The first report, in 789, is the record of a battle in Pictland between Causantín and Conall mac Taidg, in which Causantín was victorious. Conall later reappears in Kintyre, where was killed in 807. It is not known whether Causantín was king before defeating Conall. The king lists give varying lengths for his reign, from 35 to 45 years, and are not to be relied upon without independent confirmation. The second report is that of Causantín's death in 820.

The Dupplin Cross was long assumed to commemorate Cináed mac Ailpín's final victory over the Picts, as indeed, was Sueno's Stone. Recent analysis has revealed a small part of an inscription on the Cross, in which Causantín is named. Accordingly, it is supposed that this monument was commissioned by him, or as a memorial to him. He appears there as , a Latinisation derived from the Old Irish version of his name rather than the presumed Pictish form Castantin filius Uurguist found in the Poppleton Manuscript and similar Pictish king lists.

It has been proposed that the St Andrews Sarcophagus was made for Causantín, but this is a minority view, as is the suggestion that the relics of Columba, perhaps including the Monymusk Reliquary, may have been translated from Iona to Dunkeld during Causantín's reign. The idea that Columba's relics may have come to Dunkeld in the time of Causantín, rather than thirty years later in the time of Cináed mac Ailpín is based on an entry in the Chronicon Scotorum for 818.

That Causantín established Dunkeld is stated by later chroniclers such as John of Fordun who are following some variants of the Pictish king lists or other materials now lost. Andrew of Wyntoun dates the foundation to 815, although he states that this was after the deaths of Charlemagne and Pope Leo III, which would date it to 816 or later. It is suggested that Causantín is commemorated by the Martyrology of Tallaght, a product of one of the principal céli dé monasteries of the day. As a patron of the céli dé, and perhaps a collaborator of Abbot Diarmait of Iona, it is thought that Causantín may have been a church reformer, in line with céli dé ideals. Caustantín appears also to have been a patron of the Northumbrian monasteries, as he is commemorated, along with his nephew Eogán, in the Liber Vitae Dunelmensis, which contains a list of those for whom prayers were said, dating from around 840.

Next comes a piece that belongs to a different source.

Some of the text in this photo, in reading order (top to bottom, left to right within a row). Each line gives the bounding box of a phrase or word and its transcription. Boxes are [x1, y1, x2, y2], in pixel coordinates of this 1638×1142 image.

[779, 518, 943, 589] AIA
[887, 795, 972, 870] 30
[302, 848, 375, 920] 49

Causantín was succeeded by his brother Óengus. His son Drest was later king. Causantín's son Domnall is believed to have been king of Dál Riata from around 811 until 835. Causantín's reputation among the kings who followed him may, perhaps, be demonstrated by the use of his name on for three kings in the century and a half following his death when it is not attested as a kingly name in Scotland prior to his reign.

Family

While Causantín'a parentage is not known with certainty, it is believed that he had two siblings: A brother Óengus, who succeeded him as King of the Picts, and a sister who is said to be his heir and was the mother of Alpín mac Echdach, founder of the Alpin Dynasty, from which centuries of Scottish rulers descended.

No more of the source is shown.